If I printed off your profit and loss statement and your balance sheet and asked you 5 questions could you answer them?
- What is your annual turnover and what are the drivers of your sales performance?
- What is your gross profit in dollar and percentage terms.
- What are your 5 highest expense lines – that you can directly control?
- Do you have enough working capital for your operations?
- What is the value of your business today?
Now if you are really honest and answered correctly, I would guess that most of you said no to all of those questions. I rarely come across a potential client who knows this information or can locate it it quickly in their financial position. In my opinion you need to know these off the top of your head because they are key to how you are performing.
So how do you get to that level? I amm glad you asked!.

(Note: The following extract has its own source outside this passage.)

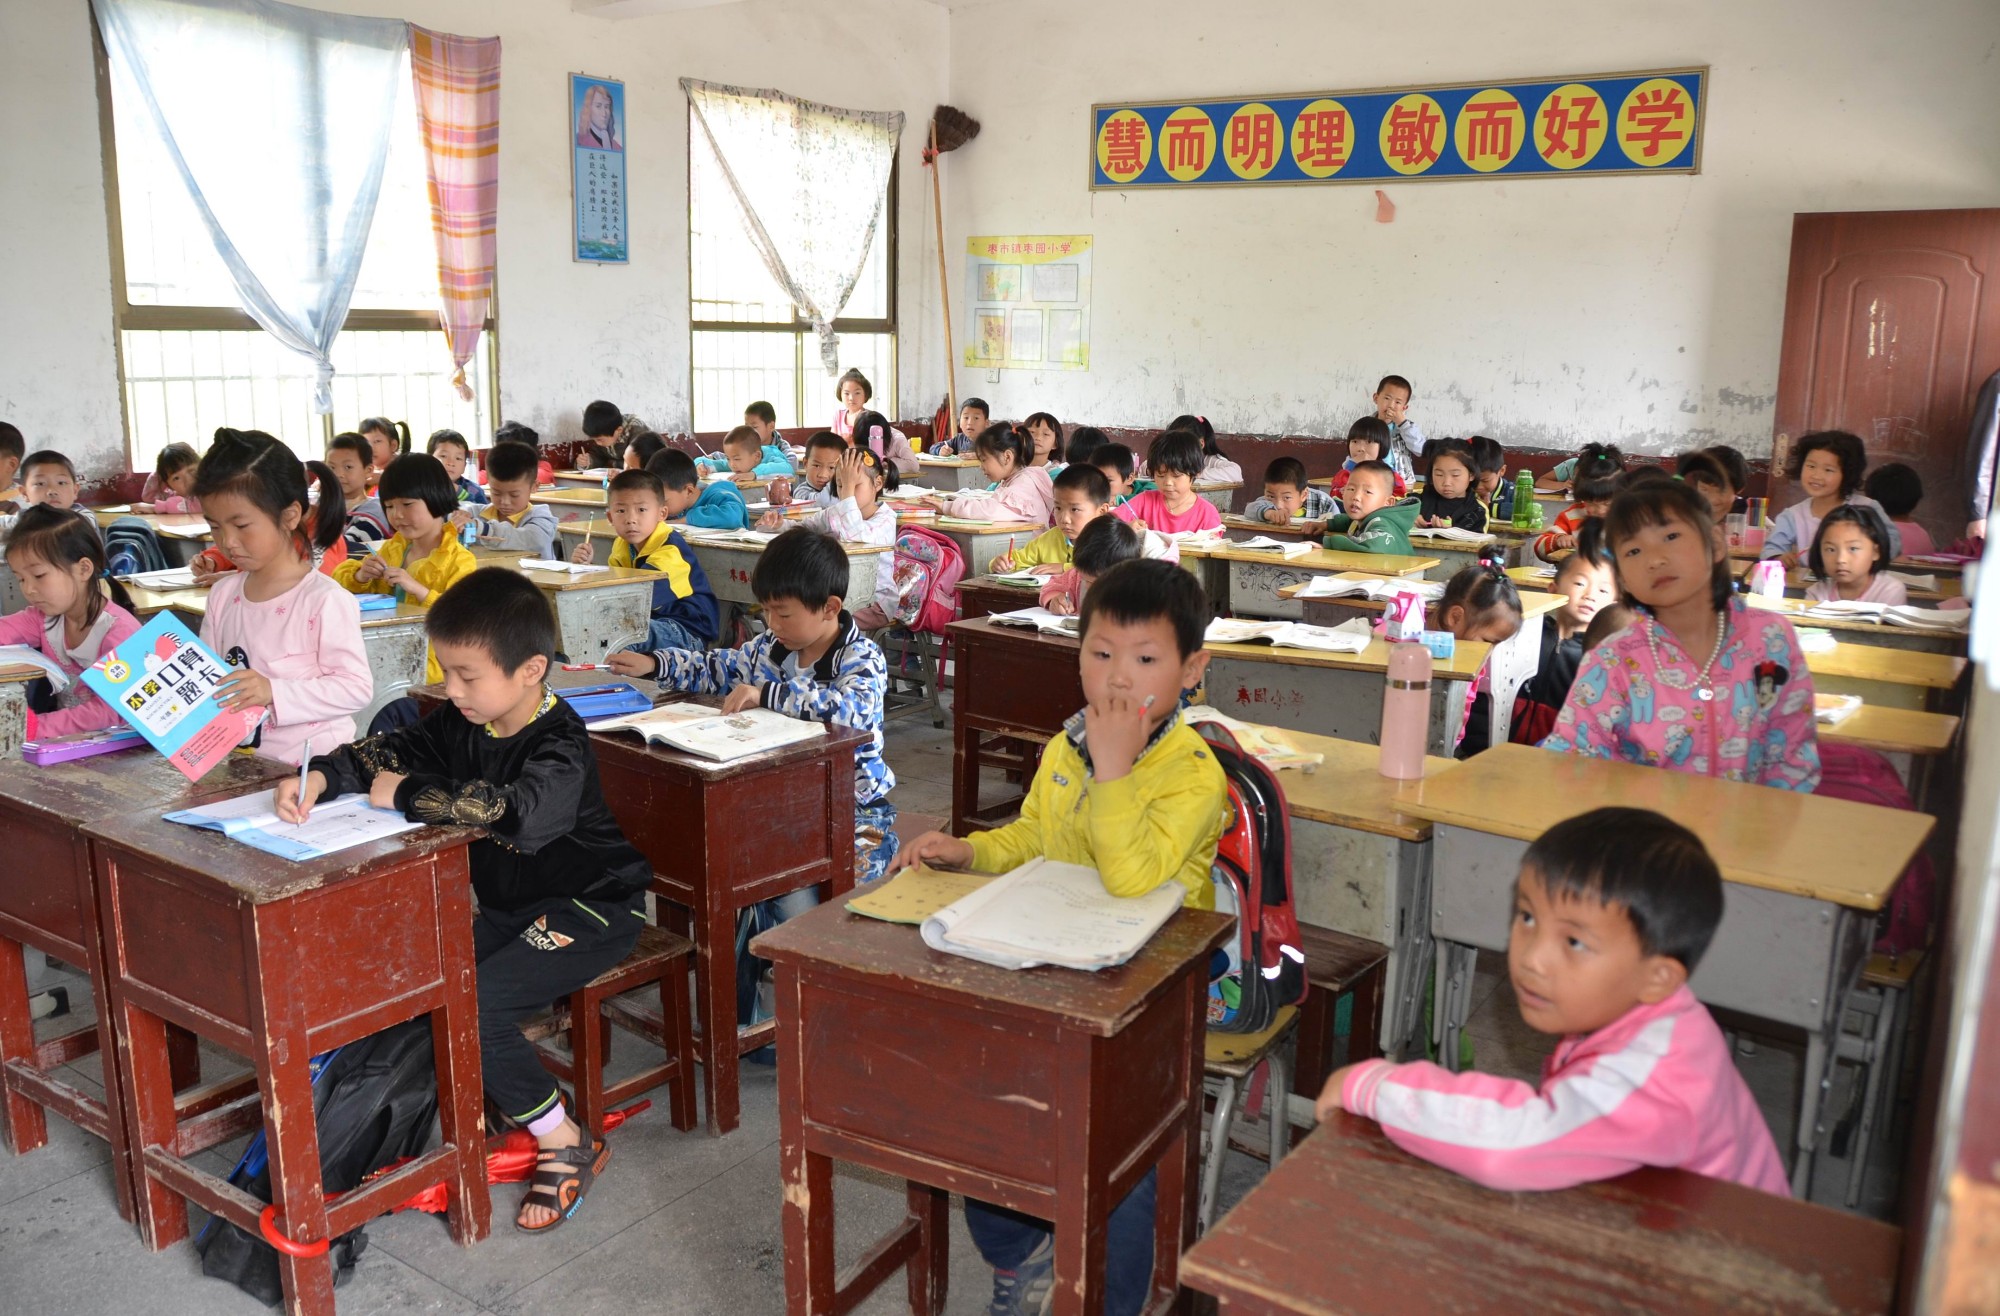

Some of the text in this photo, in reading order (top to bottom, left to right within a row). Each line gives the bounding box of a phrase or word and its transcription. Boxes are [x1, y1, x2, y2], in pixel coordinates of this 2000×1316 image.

[1104, 89, 1685, 174] 慧而明理 敏而好学

Firstly you can’t get there unless you have the right information. This means your bookkeeping must be complete and current. If your bookkeeper can;t complete the work in the time that you have allocated then find out why and make some changes. You cannot correctly review old or outdated data and expect that to provide the information that you need. if your accounts are not current then get them current.
1. Turnover:
Turnover is simply the revenue or sales that you have achieved in the last 12 months. If you had prepared a budget then you would know this information – both actual for the last 12 months and what you expect to get in the next.
Revenue does not include “sales” of reimbursable expenses unless there is a profit or margin made on these. As an example, in Melbourne virtually every real estate agent that I come across has the advertising that they have “sold” to a vendor in their gross revenue. As the legislation only allows you to recoup the actual cost of the advertising, and as every agency that I have come across makes a loss on this area, then this item should be part of your cost of goods sold and not sales. Your revenue is only the commission earned from your sales and property management functions.
Now the factors that drive your revenue are much harder to understand. This is where a detailed budget helps as it forces you to look at how you get sales. A law firm looking at its revenue will find that the majority of their work comes from a few sources – namely referrers, LIV website, previous clients, advertising and transactional based activities. So if your business is transaction based and we are in a GFC then you may have some issues and need to investigate how to get other work in.
If you do not know where your work comes from then how can you review and implement changes to it that will effect the outcome?
If you do not have a budget then print out a list of your transactions over the last 12 months, or a list of clients and their sales and note down how you got that business. That will quickly show you some trends that can be worked on.
After this has been completed you will have a rudimentary list of the sources of your revenue. You then need to decide how these drive your business. E.g. if your work is referral work then how are you tracking this? Do you have a plan to meet with, chat with and reward each referral source? Most people don’t!
Your sales drivers are the key drivers to success for your business and must be clearly identified and strategies put in place to work on them. Without knowing these you cannot possibly have control over your business.
In our business we spend a great deal of time getting this area right. We work with our clients to ensure THEY identify and understand how they get sales. It is a detailed process that involves a great deal of questioning and critical analysis of the business’ activities – however the rewards are significant.